Le maire de la ville située dans la Loire a fait voter, mercredi 12 juillet en conseil municipal, un nouvel arrêté restreignant le port du voile et du burkini sur le site d'un bassin communal.

Une femme se baigne en burkini (illustration)
Une femme se baigne en burkini (illustration)
Crédit : AP/SIPA
Maxime Magnier & AFP

Gérard Tardy n'en démord pas. Après avoir créé la polémique, fin juin, avec un arrêté interdisant le burkini et le voile sur le site d'un bassin communal, le maire divers droite de Lorette (Loire) revient à la charge avec un nouvel arrêté. Voté mercredi 12 juillet en conseil municipal, il restreint le port des deux vêtements autour du plan d'eau en question.

Le burkini est désormais autorisé sauf "dans l'eau (et) sur les pontons au bord de l'eau". "Seuls les vêtements conçus pour la baignade et permettant le respect des règles d'hygiène et de sécurité sont autorisés", dispose l'arrêté. En outre, pour accéder à la plage, "une personne portant un voile ou un foulard doit être identifiable"

Dans l'arrêté fin pris fin juin pour l'ouverture du nouveau plan d'eau de cette commune de 5.000 habitants, "monokini, burkini, voile dissimulant partiellement ou totalement le visage, combinaison" étaient interdits autour du bassin. L'arrêté avait finalement été retiré, non sans déclencher la polémique.

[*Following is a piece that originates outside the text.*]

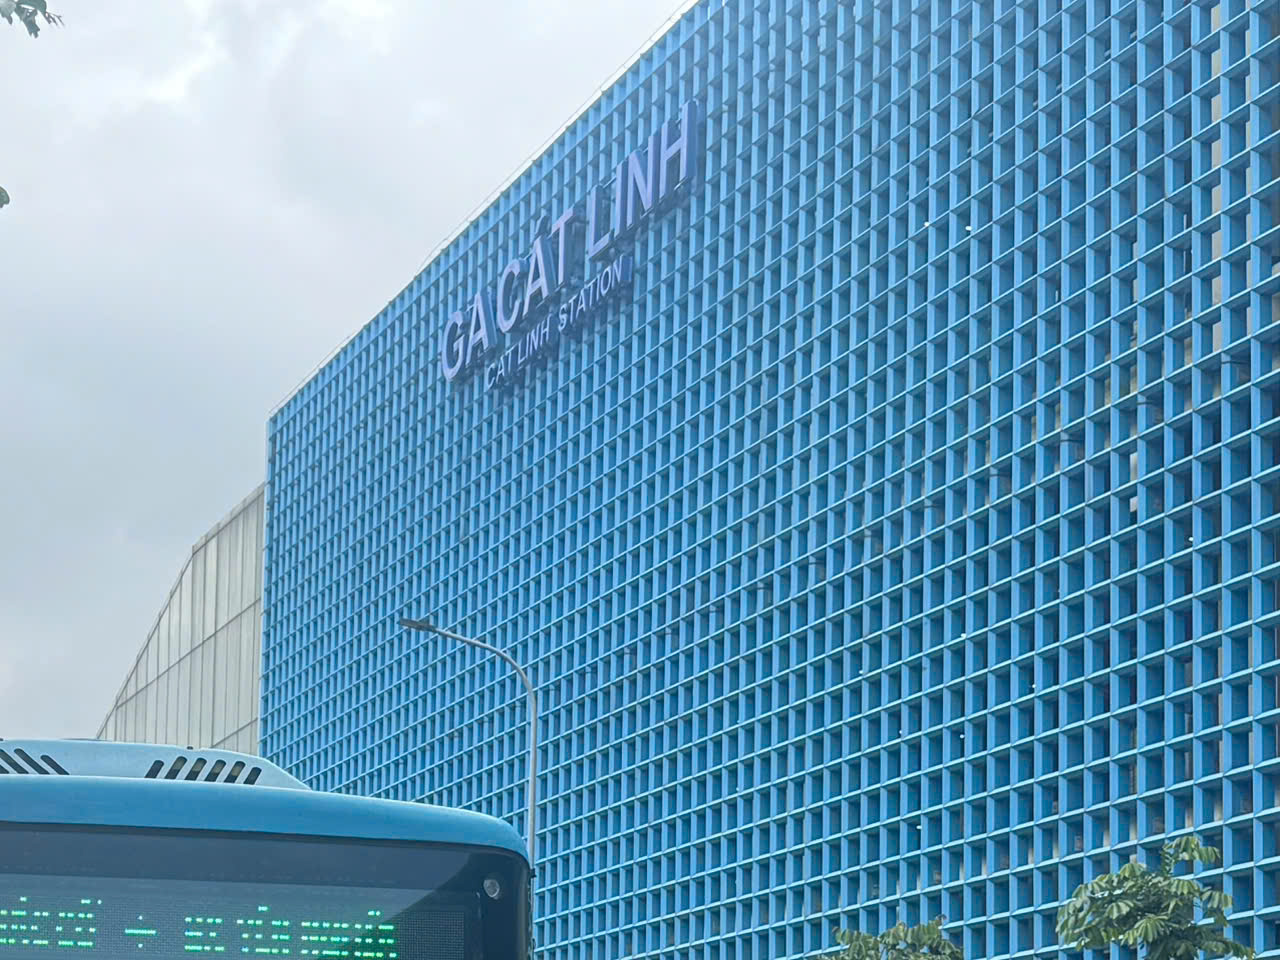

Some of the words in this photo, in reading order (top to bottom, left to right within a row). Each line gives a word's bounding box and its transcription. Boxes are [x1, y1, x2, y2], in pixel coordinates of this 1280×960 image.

Gérard Tardy est désormais visé par une enquête préliminaire pour discrimination et doit être entendu pour une suspicion de "refus de l'accès à un service dans un lieu recevant du public, en raison d'éléments discriminatoires matérialisés par une signalétique" (ndlr : un pictogramme représentant la tête d'une femme voilée, barrée d'un trait rouge).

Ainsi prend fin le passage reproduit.